More than 900 emergency protests are being planned all around the country if Trump should fire Robert Mueller or otherwise compromise the legal investigation into possible wrongdoing by his administration. The effort, backed by a sprawling coalition of national groups, represents a greater number of potential coordinated protest events than we have ever seen before.
The plan, though, is to respond to what would be a constitutional crisis with strictly legal rallies and protests: MoveOn, the longstanding progressive organization that is anchoring this effort, asks all event organizers to agree they will “act lawfully,” meaning they won’t engage in civil disobedience or other forms of nonviolent direct action. A MoveOn spokesperson, Nick Berning, cites concerns about “the safety and well-being of MoveOn members who might participate,” noting that the group doesn’t have the capacity to vet every single local action listed on their platform. “We see civil disobedience as an often essential part of successful social movements, but one that is not part of our organization’s core skill set or approach,” he explains.

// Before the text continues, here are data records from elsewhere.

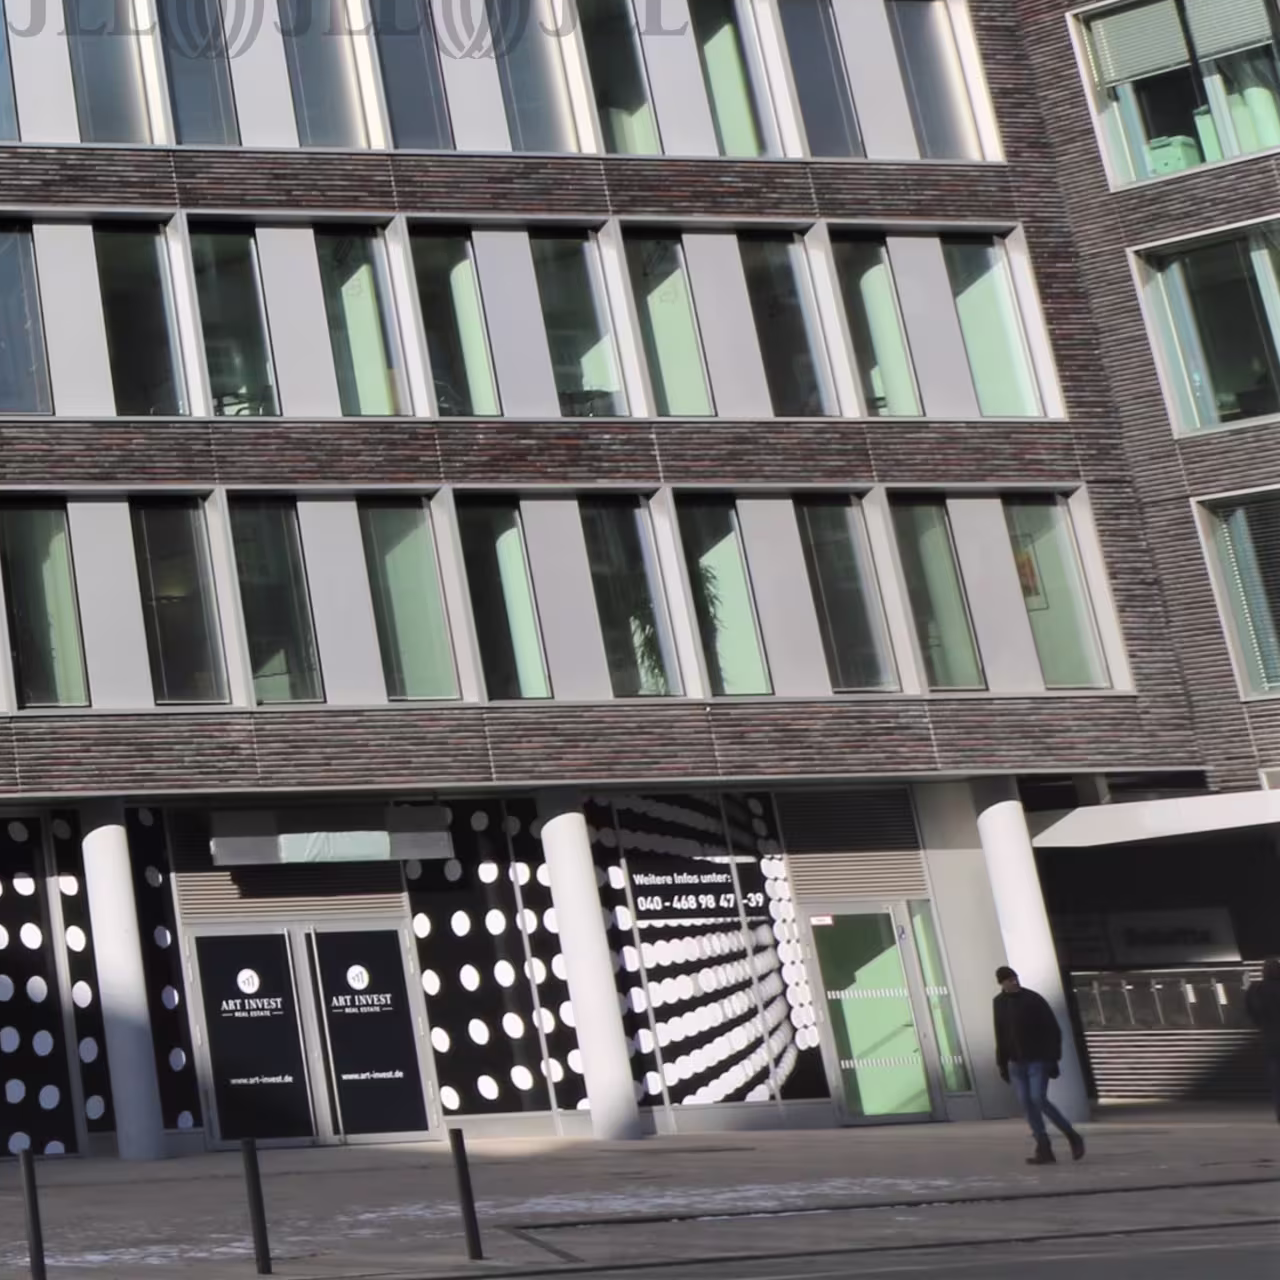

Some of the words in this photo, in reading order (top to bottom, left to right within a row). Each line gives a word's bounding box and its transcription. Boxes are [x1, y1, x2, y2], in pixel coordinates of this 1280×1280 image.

[633, 874, 673, 886] Weitere
[674, 872, 699, 885] Infos
[700, 872, 732, 884] unter:
[637, 896, 663, 911] 040
[672, 894, 697, 910] 468
[698, 893, 716, 909] 98
[221, 999, 242, 1011] ART
[244, 997, 282, 1010] INVEST
[331, 995, 354, 1007] ART
[354, 993, 392, 1006] INVEST
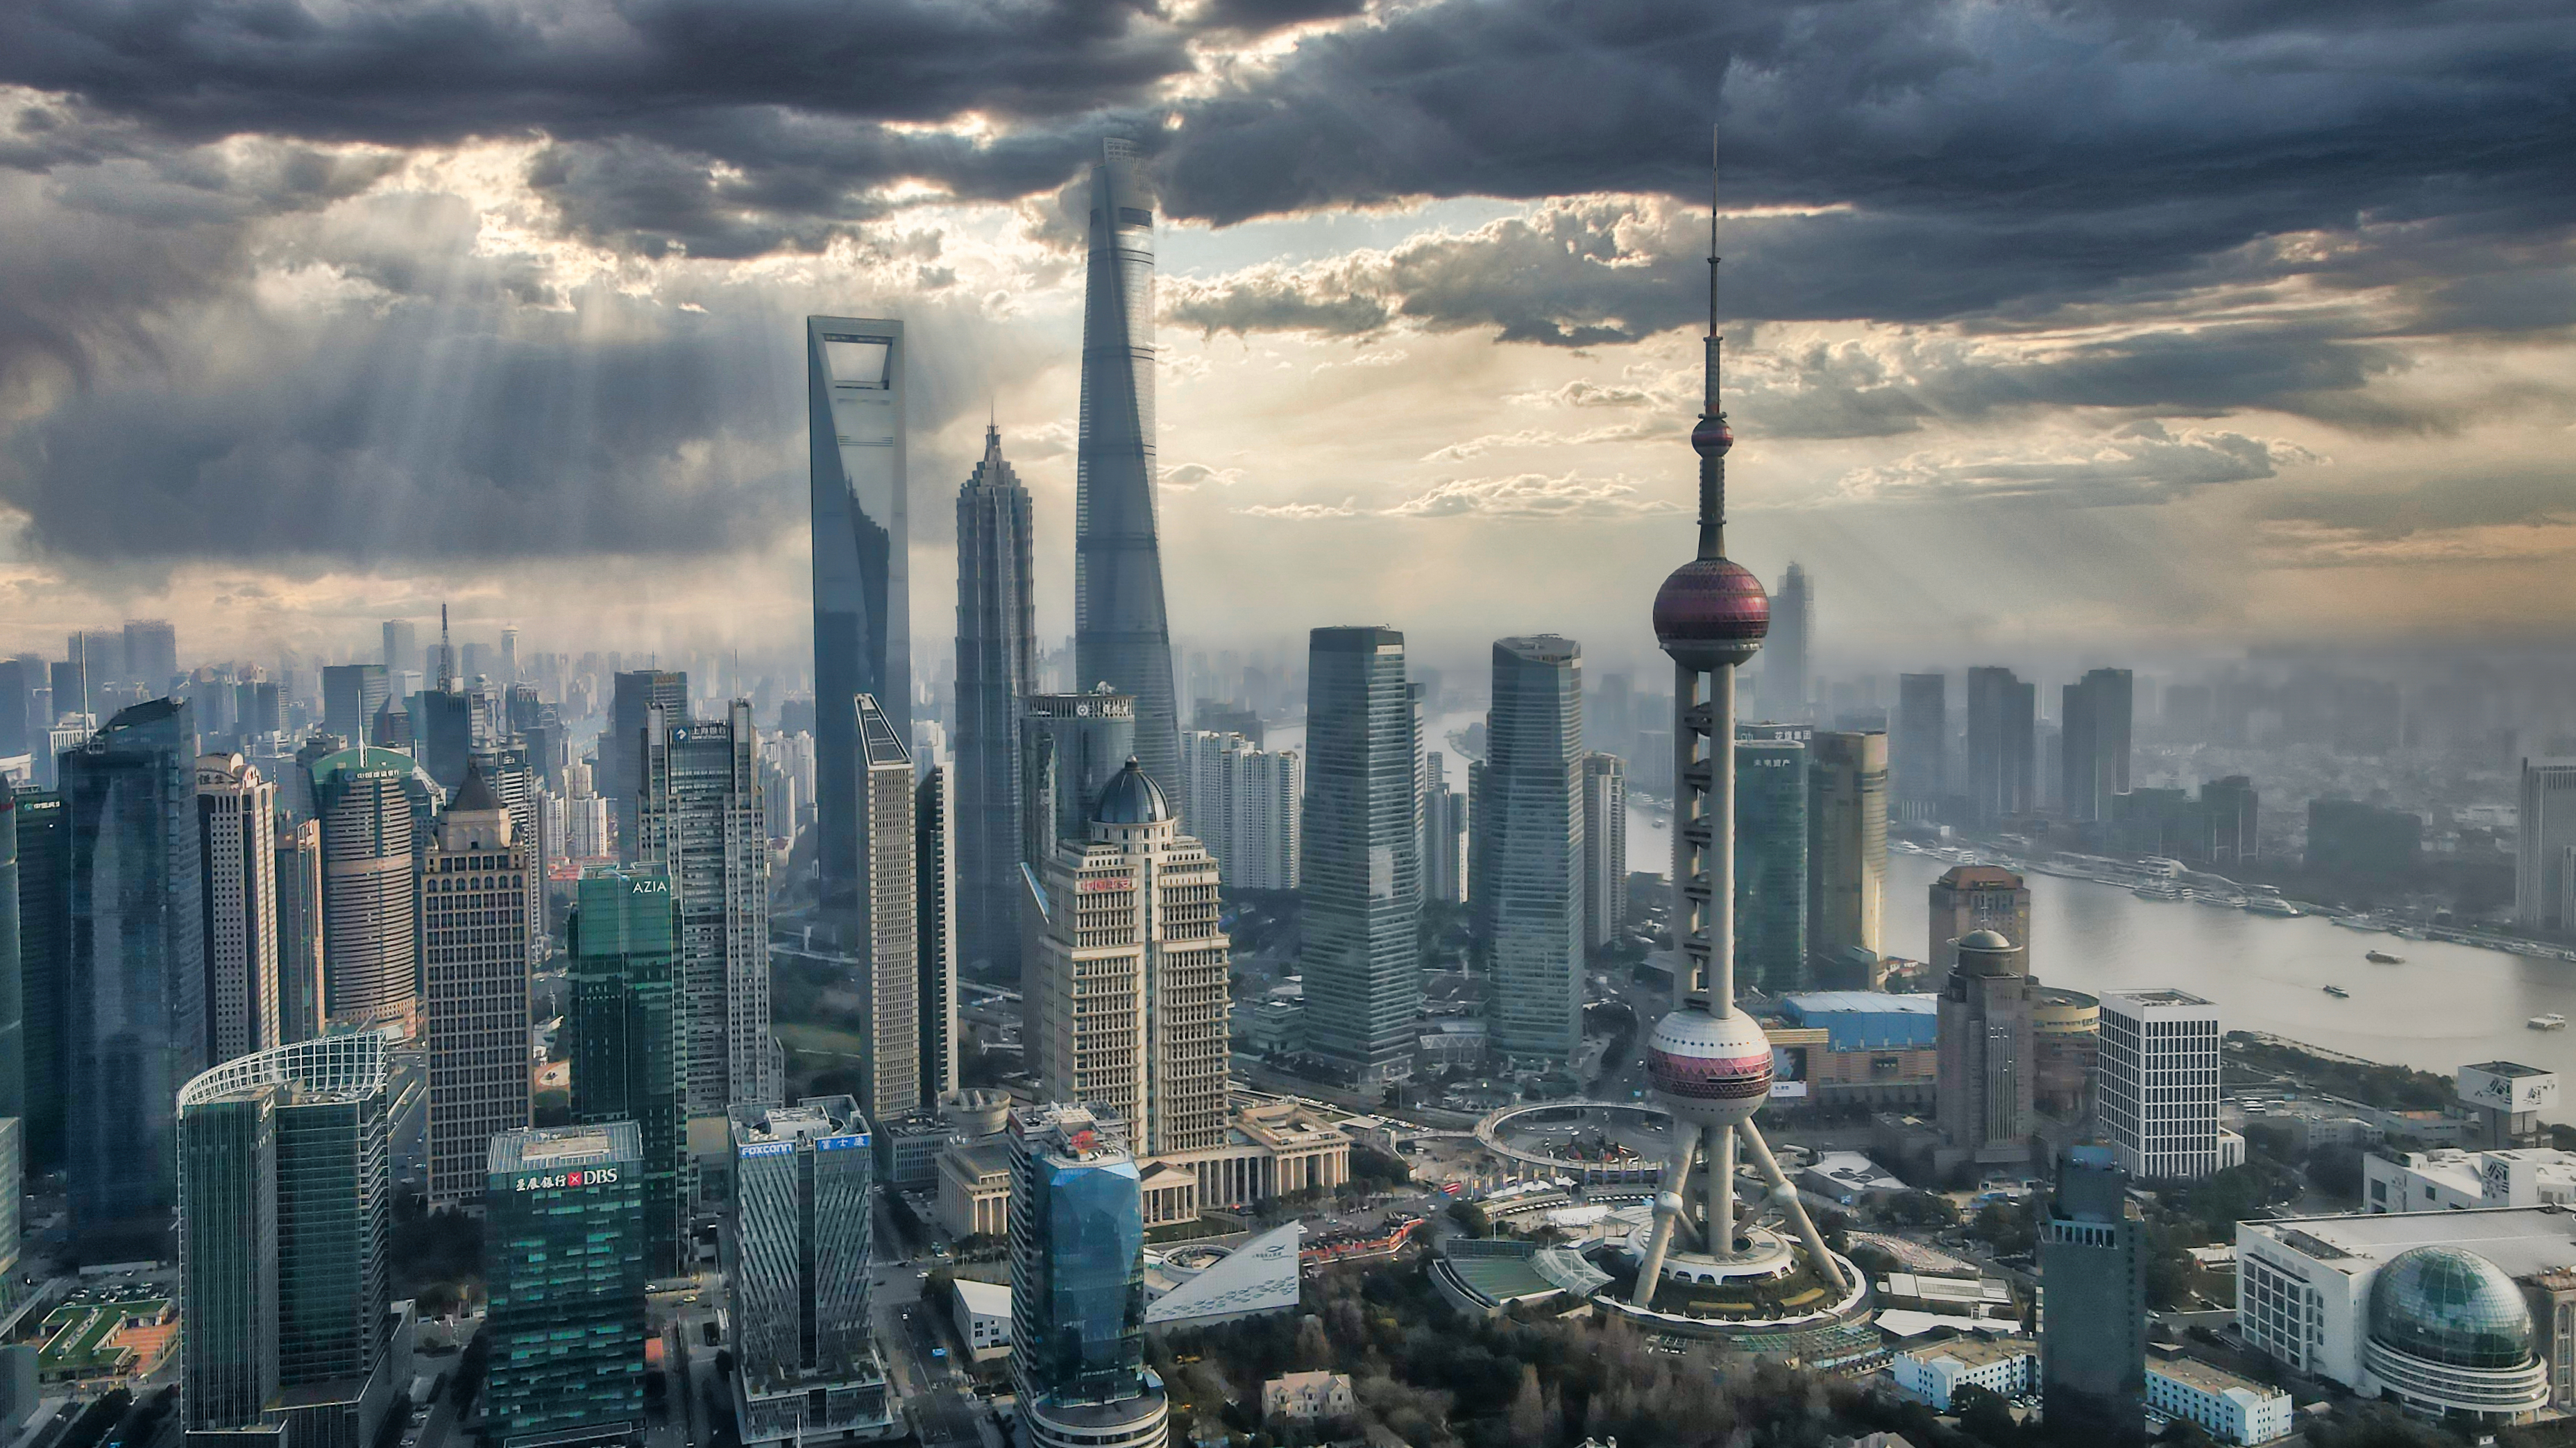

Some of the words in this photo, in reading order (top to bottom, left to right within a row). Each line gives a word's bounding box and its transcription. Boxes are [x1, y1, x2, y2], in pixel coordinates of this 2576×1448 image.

With all due respect to MoveOn, which has done a great deal of important work in its 20 years of existence, that’s an awfully timid stance at a time of political peril. Plenty of groups have found ways to coordinate decentralized civil disobedience in the past using agreed-upon nonviolent action guidelines, and there’s no real reason beyond aversion to risk that the Mueller response actions couldn’t be organized in this way.
Fortunately, though, one of the hallmarks of the resistance to Trump has been its bottom-up character: nobody waited for permission or sanction from national groups to organize the first set of Women’s Marches or any major resistance initiatives since, and there are numerous places around the country where grassroots organizers are openly discussing stronger responses if the Mueller investigation should be sabotaged.
In the meantime, with students walking out of classes to protest gun violence and teachers in several states boldly going on strike, there are indications that things may be heating up at the grassroots. The Poor People’s Campaign is planning 40 days of direct action and civil disobedience around the country beginning 13 May “to challenge the evils of systemic racism, poverty, the war economy, ecological devastation and the nation’s distorted morality.”
Over the past 15 months, a record number of Americans have taken to the streets to protest this grotesque and destructive administration. The resistance has been massive, persistent and ubiquitous, but with few exceptions, it’s been curiously reluctant to use the stronger tools in the toolbox of nonviolent action. We’ve used our voices to decry this national charade, but mostly we haven’t been using our bodies to disrupt it or shut it down. With millions of us in motion and the stakes so very high, the time may have come for that to change.